**Record extracts**.
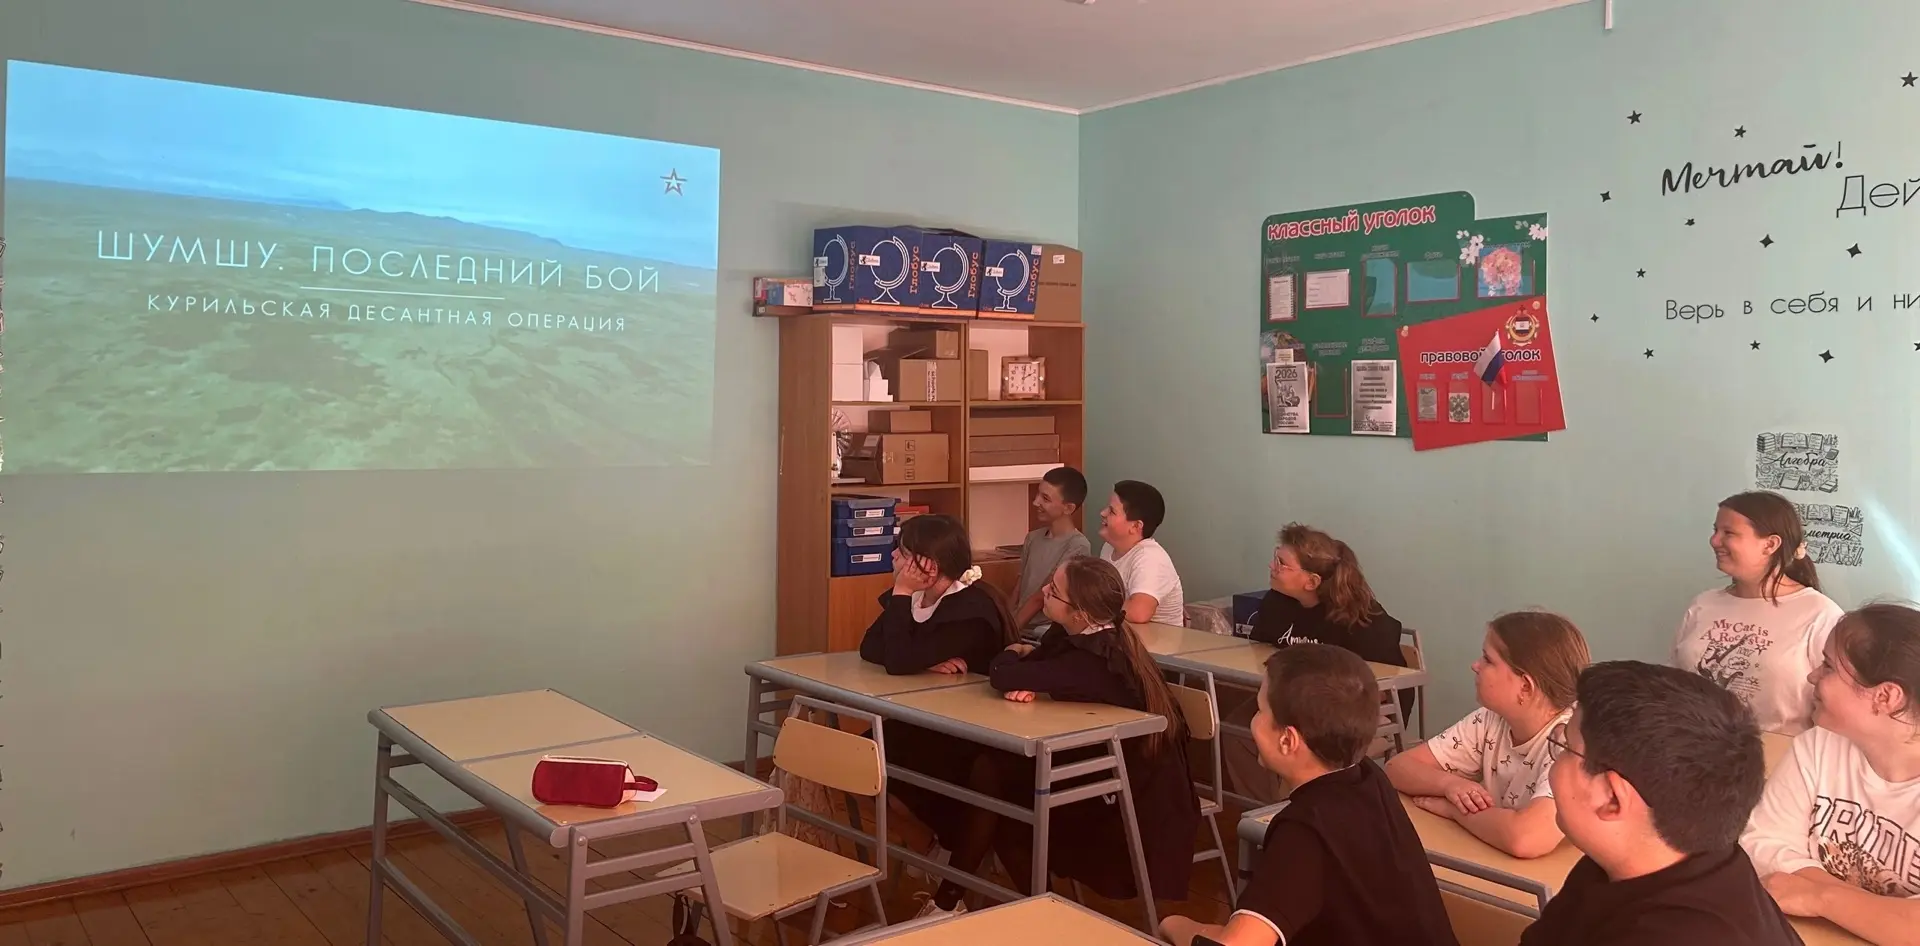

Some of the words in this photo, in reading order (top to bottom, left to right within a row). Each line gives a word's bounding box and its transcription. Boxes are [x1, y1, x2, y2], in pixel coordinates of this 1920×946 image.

[1662, 141, 1843, 196] Мечтай!
[1267, 209, 1360, 241] классный
[1363, 205, 1436, 235] уголок
[98, 230, 284, 271] ШУМШУ.
[312, 245, 563, 287] ПОСЛЕДНИЙ
[585, 265, 659, 293] БОЙ
[909, 246, 919, 294] Глобус
[967, 252, 979, 298] Глобус
[1027, 258, 1039, 302] Глобус
[147, 294, 330, 318] КУРИЛЬСКАЯ
[348, 304, 492, 326] ДЕСАНТНАЯ
[507, 312, 625, 332] ОПЕРАЦИЯ
[1666, 300, 1724, 324] Верь
[1743, 300, 1753, 315] в
[1770, 291, 1838, 314] себя
[1858, 296, 1872, 311] и
[1275, 368, 1298, 379] 2026
[1501, 349, 1542, 363] олок
[1763, 452, 1827, 471] Алгебра
[1700, 629, 1713, 641] A
[1719, 632, 1774, 647] Rocstar
[1712, 619, 1733, 631] My
[1733, 622, 1755, 633] Cat
[1758, 627, 1769, 636] is
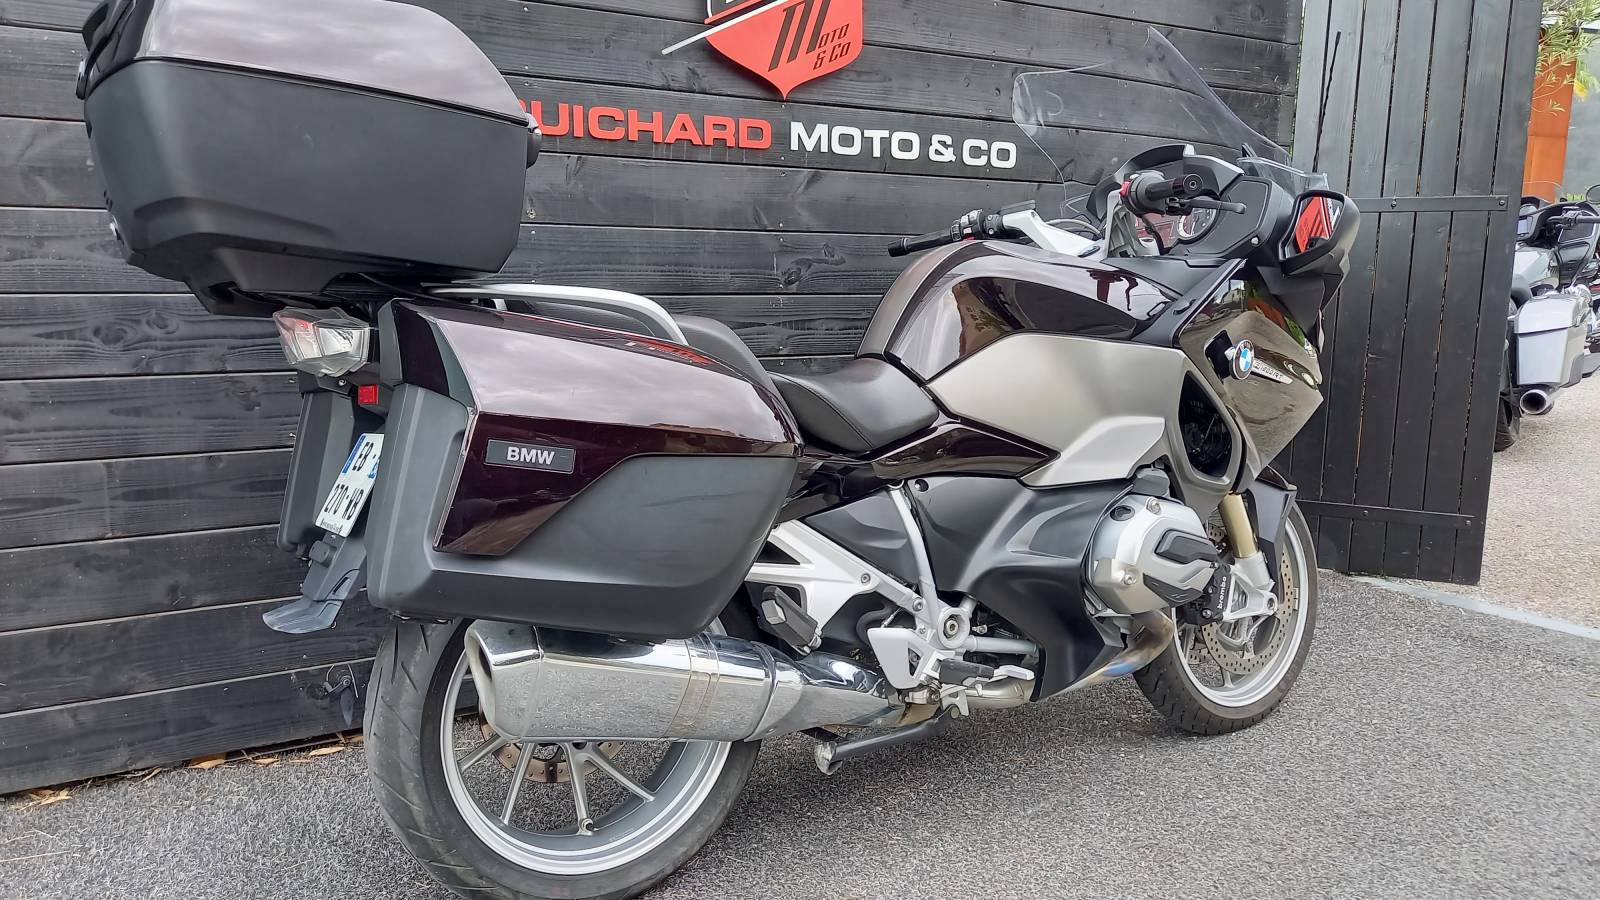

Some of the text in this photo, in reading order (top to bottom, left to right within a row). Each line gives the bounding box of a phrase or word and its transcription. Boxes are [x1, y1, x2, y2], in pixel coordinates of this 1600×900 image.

**Work task**.
Output the material word for word. Pictures do not go in.

**Task response**.
Some of the words in this photo, in reading order (top to bottom, left to right within a row). Each line gives a word's bounding box and its transcription. Boxes are [x1, y1, x2, y2], in pixel coordinates of this 1920×946 image.

[1662, 141, 1843, 196] Мечтай!
[1267, 209, 1360, 241] классный
[1363, 205, 1436, 235] уголок
[98, 230, 284, 271] ШУМШУ.
[312, 245, 563, 287] ПОСЛЕДНИЙ
[585, 265, 659, 293] БОЙ
[909, 246, 919, 294] Глобус
[967, 252, 979, 298] Глобус
[1027, 258, 1039, 302] Глобус
[147, 294, 330, 318] КУРИЛЬСКАЯ
[348, 304, 492, 326] ДЕСАНТНАЯ
[507, 312, 625, 332] ОПЕРАЦИЯ
[1666, 300, 1724, 324] Верь
[1743, 300, 1753, 315] в
[1770, 291, 1838, 314] себя
[1858, 296, 1872, 311] и
[1275, 368, 1298, 379] 2026
[1501, 349, 1542, 363] олок
[1763, 452, 1827, 471] Алгебра
[1700, 629, 1713, 641] A
[1719, 632, 1774, 647] Rocstar
[1712, 619, 1733, 631] My
[1733, 622, 1755, 633] Cat
[1758, 627, 1769, 636] is

Some of the text in this photo, in reading order (top to bottom, left to right within a row). Each line gives the bounding box of a phrase or word and its transcription. Boxes are [x1, y1, x2, y2], in pixel coordinates of this 1600×900 image.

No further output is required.